HDAC4 could be a target for interstitial fibrosis involved in peritoneal dissemination. In addition, VPA can also inhibit an activity of HDAC4 which is one of class
II HDACs . Therefore, VPA has NSC23766 order the potential to reduce fibrosis by inhibition of HDAC4. However, further investigations are needed to confirm the effectiveness of VPA on fibrosis. We found that VPA increases acetylation of α-tubulin as well as histone H3. Interestingly, tubulin acetylation has a direct relation with HDAC6 inhibition induced by the action of VPA [42, 43]. HDAC inhibitors also play a role as microtubule-associated deacetylases and cause acetylation of lysine40 of α-tubulin [44, 45]. Acetylation of tubulin may contribute to Angiogenesis inhibitor the inhibition of tumor cell growth in addition to the known effects caused by histone acetylation. On the other hand, the mechanism of tubulin acetylation by HDAC inhibitors could have a favorable effect in combination with PTX [26, 46], which is a key drug in the treatment of gastric cancer.

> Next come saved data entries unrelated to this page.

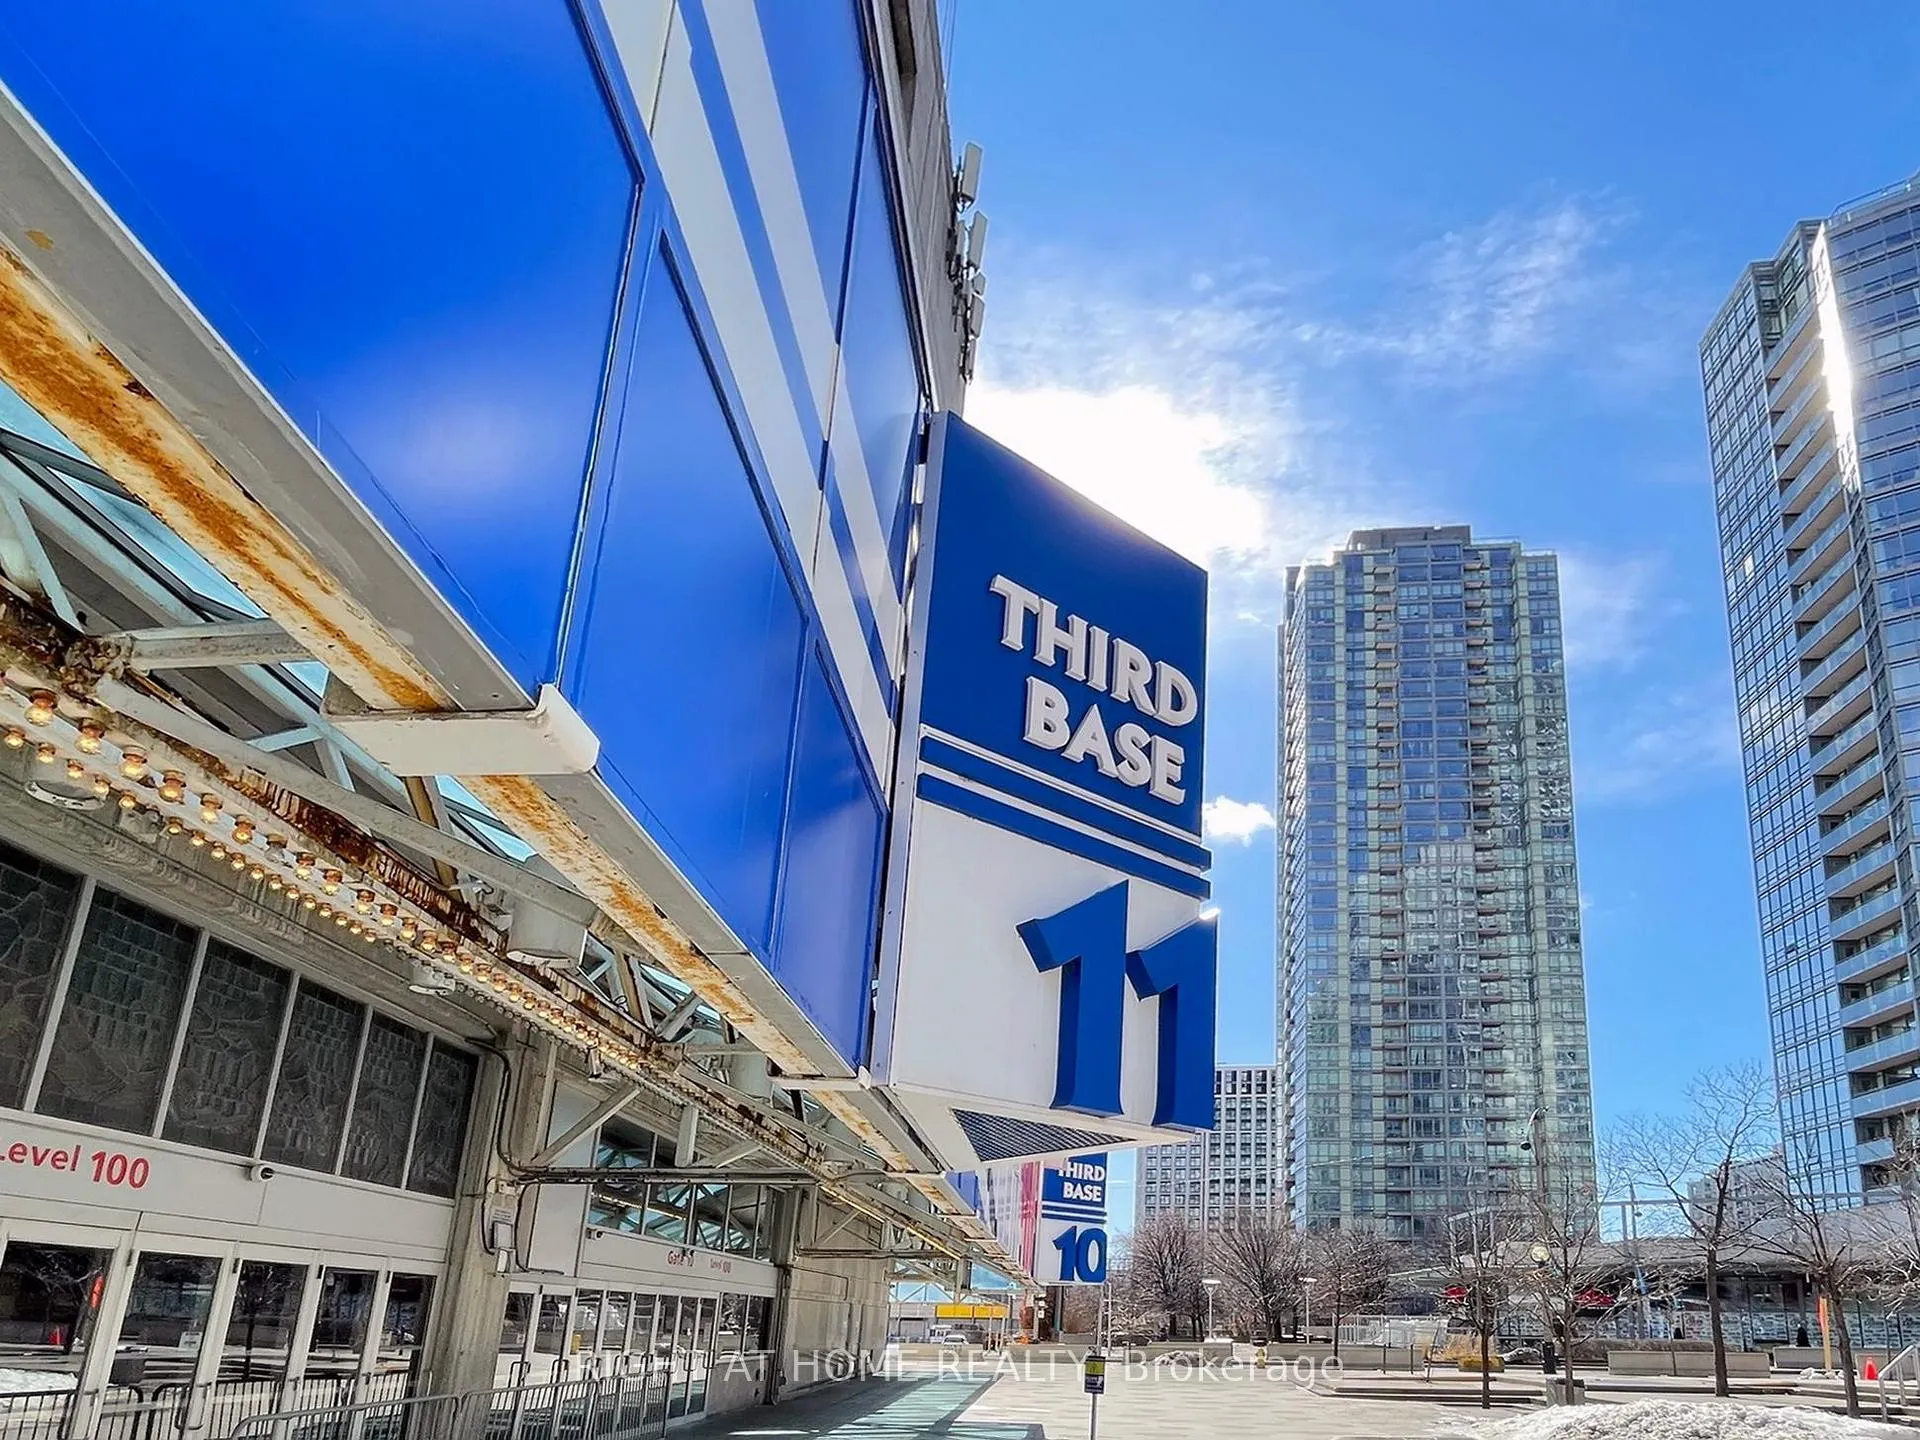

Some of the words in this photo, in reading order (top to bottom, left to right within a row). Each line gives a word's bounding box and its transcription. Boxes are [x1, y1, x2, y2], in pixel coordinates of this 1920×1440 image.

[990, 574, 1198, 727] THIRD
[1023, 676, 1186, 805] BASE
[1015, 879, 1218, 1131] 11
[0, 1142, 82, 1172] evel
[91, 1151, 150, 1189] 100
[1063, 1181, 1103, 1202] BASE
[1052, 1225, 1108, 1283] 10

As PTX is a taxane-based drug that interferes with mitosis and cell replication by binding to a subunit of tubulins, PTX has the potential to reduce fibrosis by inhibition of TGF-β/Smad signaling [47–50]. It is
noteworthy that the inhibition of tumor cell proliferation can be achieved by much higher dosages of PTX. In contrast, the inhibition of TGF-β/Smad signaling can be attained with very low doses of PTX . Therefore, we suggest that VPA enhances the anticancer action in combination with PTX. However, further click here clinical studies are required to
determine the clinical applicability of the combination treatment. VPA is a safe drug with excellent bioavailability based on long-term clinical experience in the treatment of epilepsy. Recent clinical trials for various malignancies have shown that the serum concentration of VPA, achieved during therapy of epilepsy with a daily dose, acts as a potent inhibitor of HDACs required for histone acetylation medroxyprogesterone [51, 52]. Biomonitoring of peripheral blood lymphocytes demonstrated the induction of histone hyperacetylation in the majority of patients and downregulation of HDAC2 . In addition to the antitumor effect, VPA plays a variety roles as a mood-stabilizer and analgesic adjuvant for patients in advanced stages of malignancies [53, 54]. However, continuous oral treatment with VPA at high doses is not feasible for patients with advanced stages of cancer due to gastrointestinal disturbance [55, 56]. Further development of VPA as an HDAC inhibitor in patients with gastric cancer requires careful consideration of the treatment schedule and synergism with conventional chemotherapy. Class I HDAC is overexpressed in gastric cancer patients [57, 58]. Both HDAC1 and HDAC2 play important roles in the aggressiveness and carcinogenesis of gastric cancer [59, 60].